=== WORK REQUIRED ===
Without copying any picture, return all lines below exactly.

*** Opening DATA FOR PROCESSING ***

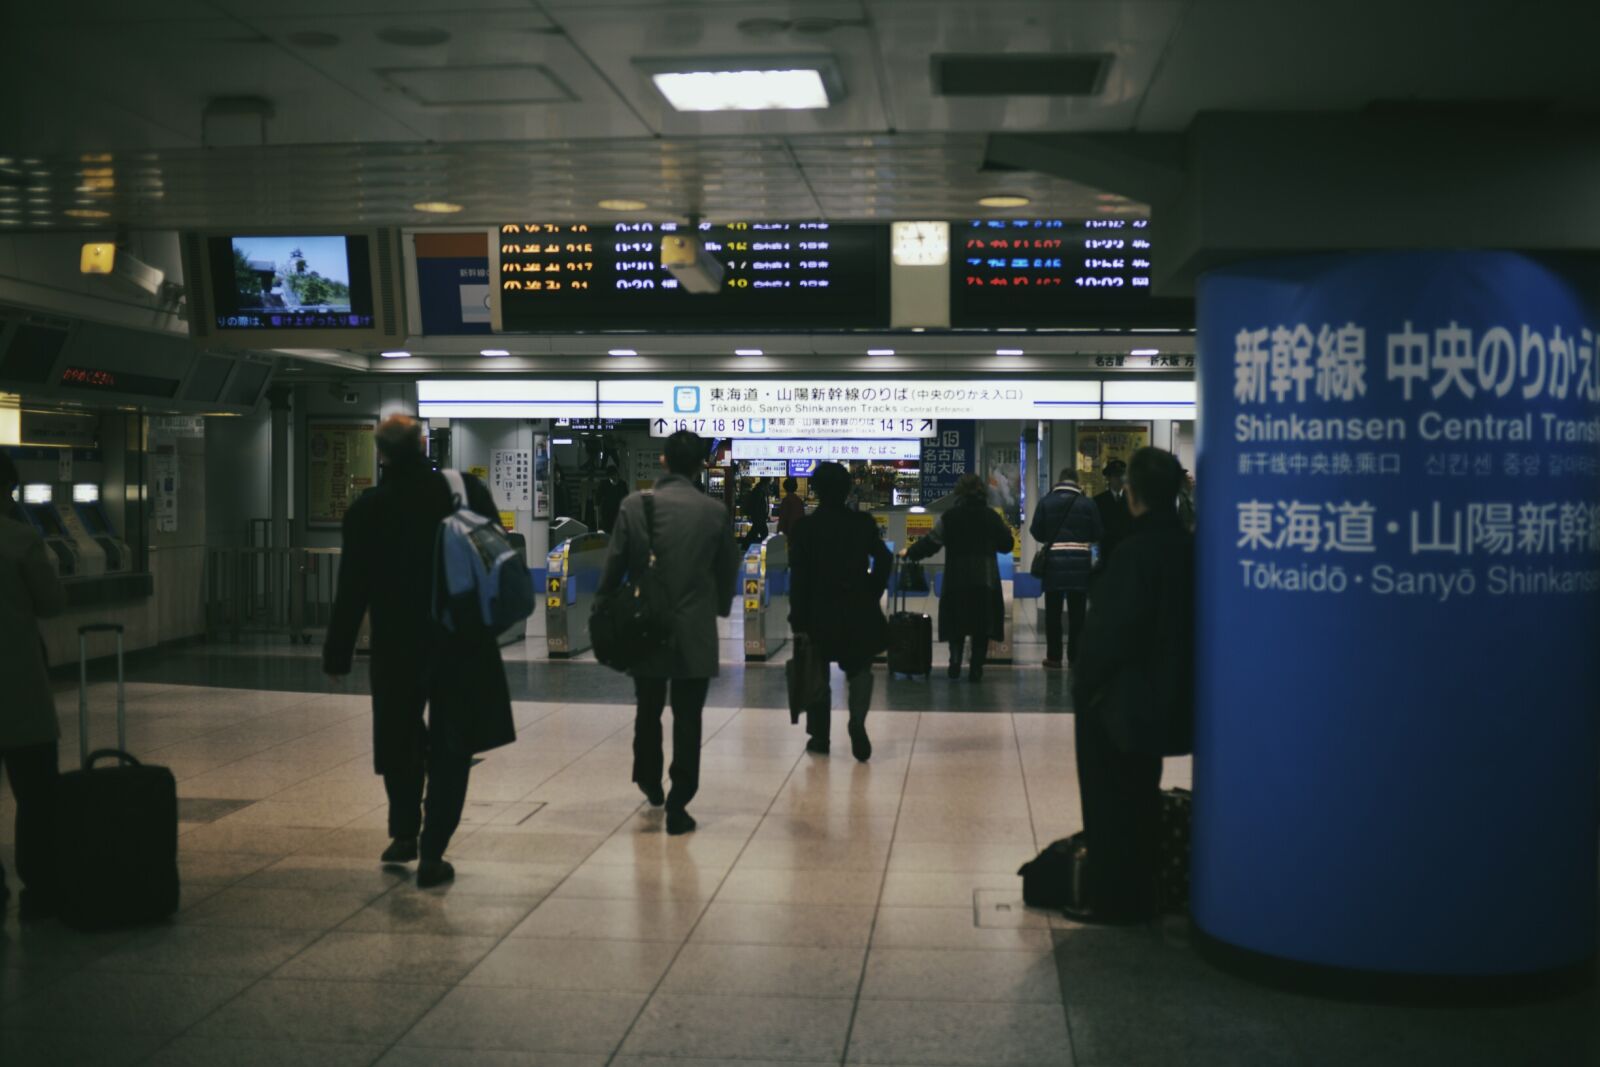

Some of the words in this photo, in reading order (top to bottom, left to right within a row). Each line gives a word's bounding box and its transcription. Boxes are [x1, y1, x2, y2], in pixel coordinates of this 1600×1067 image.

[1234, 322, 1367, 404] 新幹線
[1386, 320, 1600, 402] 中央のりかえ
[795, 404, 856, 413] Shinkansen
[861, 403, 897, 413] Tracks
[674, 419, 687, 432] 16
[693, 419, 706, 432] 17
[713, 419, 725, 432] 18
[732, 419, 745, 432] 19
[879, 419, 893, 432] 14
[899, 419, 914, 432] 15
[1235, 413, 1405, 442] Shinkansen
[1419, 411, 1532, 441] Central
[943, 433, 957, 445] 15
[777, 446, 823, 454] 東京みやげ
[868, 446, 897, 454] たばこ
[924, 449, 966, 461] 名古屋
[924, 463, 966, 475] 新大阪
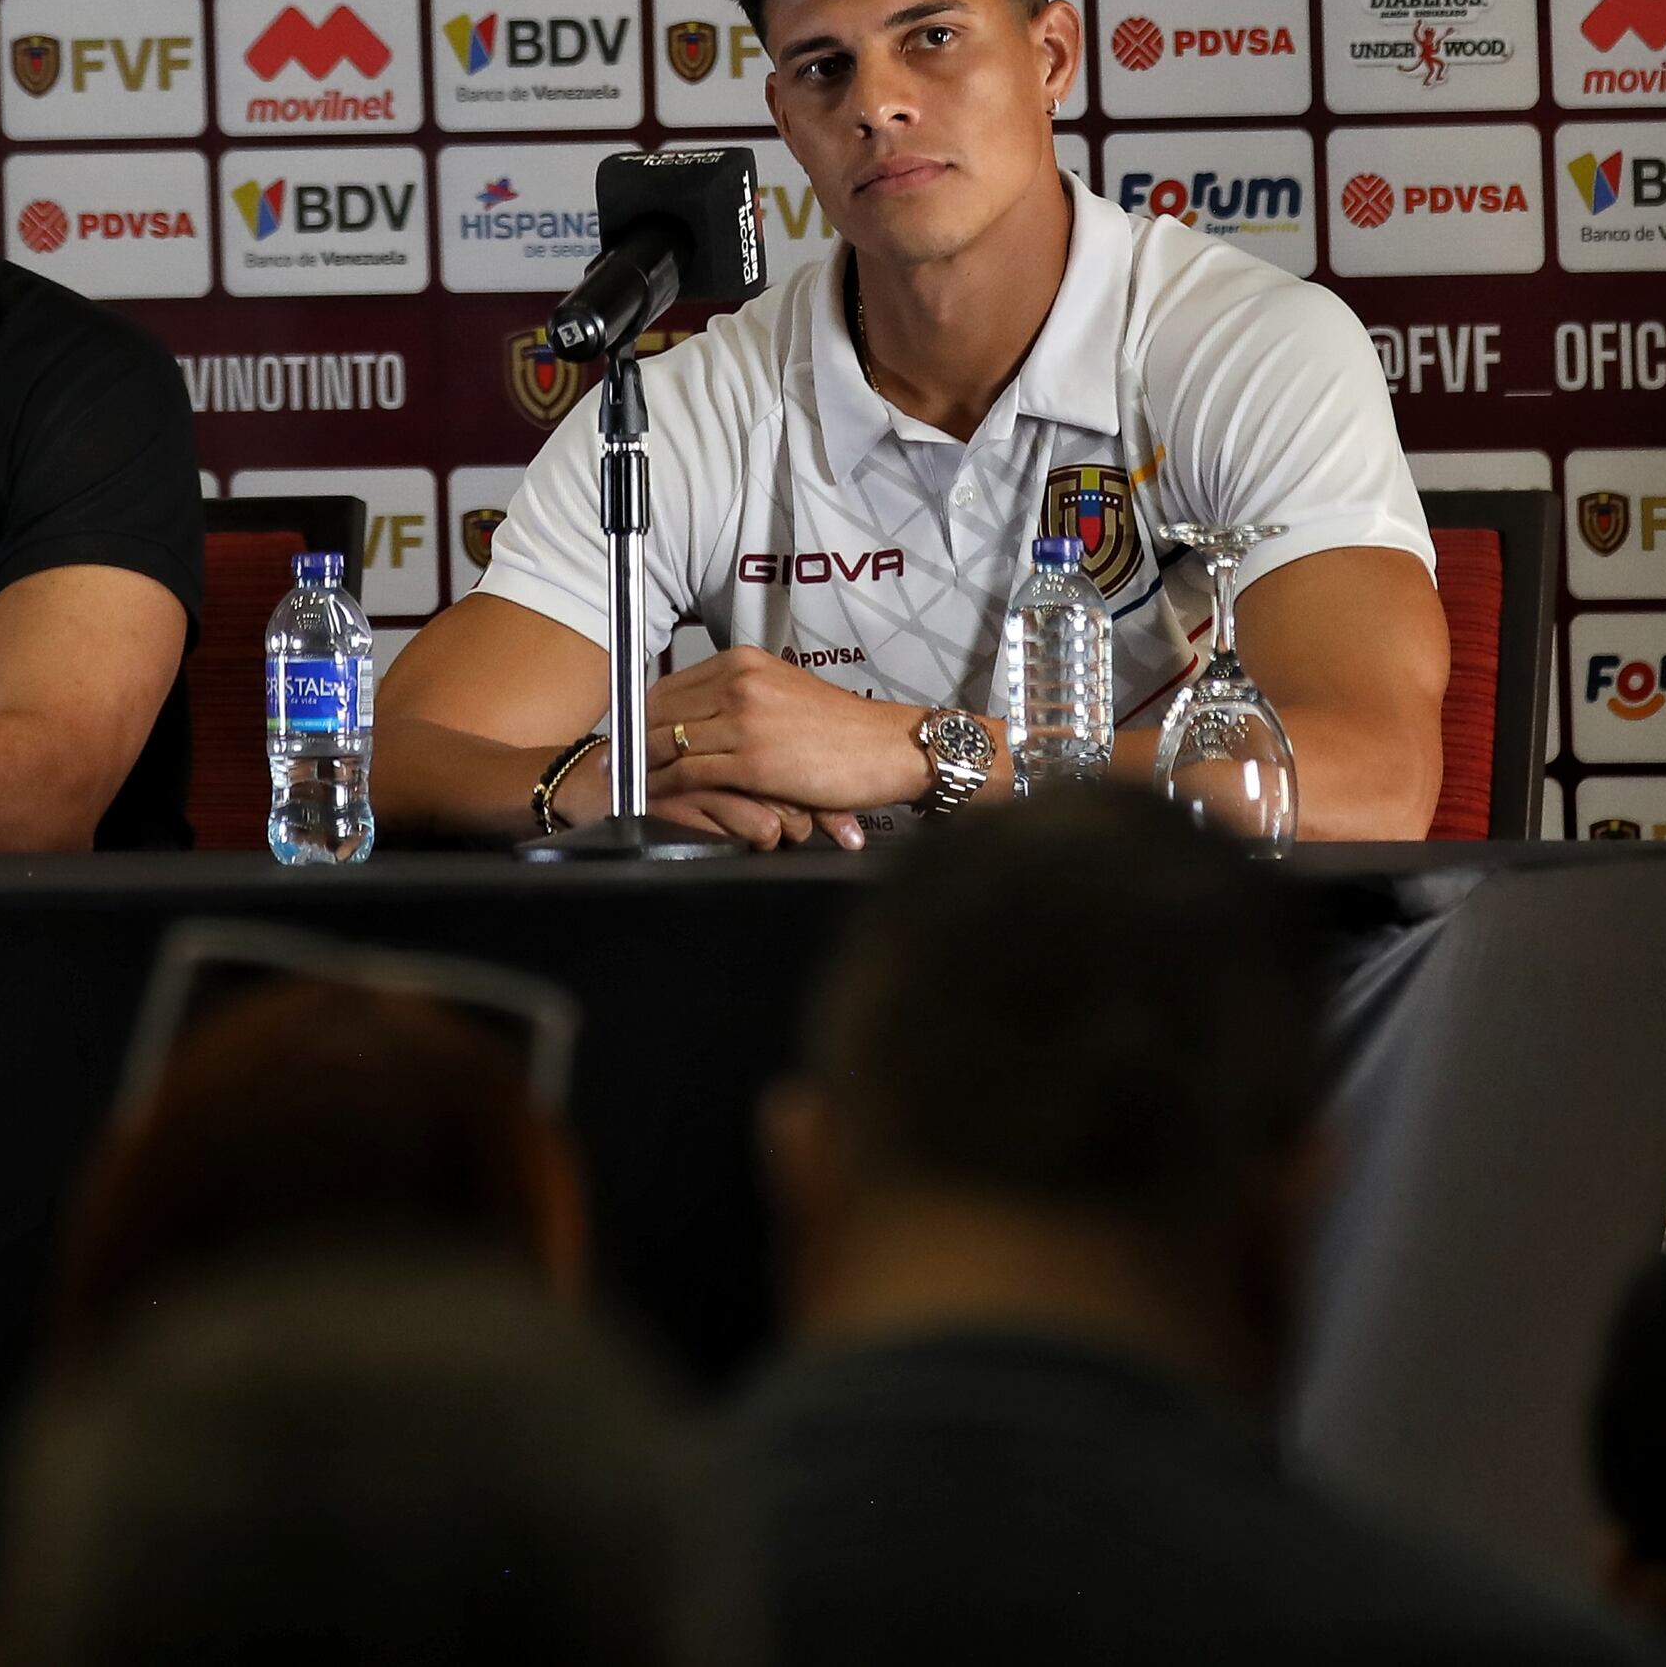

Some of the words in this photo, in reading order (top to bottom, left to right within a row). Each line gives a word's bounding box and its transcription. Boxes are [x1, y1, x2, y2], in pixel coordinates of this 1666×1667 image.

*** Closing DATA FOR PROCESSING ***

=== RESULT ===
Some of the words in this photo, in reading order (top to bottom, left to right within a row). Each line gives a word's bounding box and its transcription. Boxes are [x1, y1, x2, y2], in pixel coordinates of this 1600×1067 image.

[1234, 322, 1367, 404] 新幹線
[1386, 320, 1600, 402] 中央のりかえ
[795, 404, 856, 413] Shinkansen
[861, 403, 897, 413] Tracks
[674, 419, 687, 432] 16
[693, 419, 706, 432] 17
[713, 419, 725, 432] 18
[732, 419, 745, 432] 19
[879, 419, 893, 432] 14
[899, 419, 914, 432] 15
[1235, 413, 1405, 442] Shinkansen
[1419, 411, 1532, 441] Central
[943, 433, 957, 445] 15
[777, 446, 823, 454] 東京みやげ
[868, 446, 897, 454] たばこ
[924, 449, 966, 461] 名古屋
[924, 463, 966, 475] 新大阪

Some of the words in this photo, in reading order (top to bottom, left to right within a row). Each line gives a word's bounding box and its transcription. Boxes are [x1, y1, x2, y2], in pixel coordinates of this 1666×1667 image.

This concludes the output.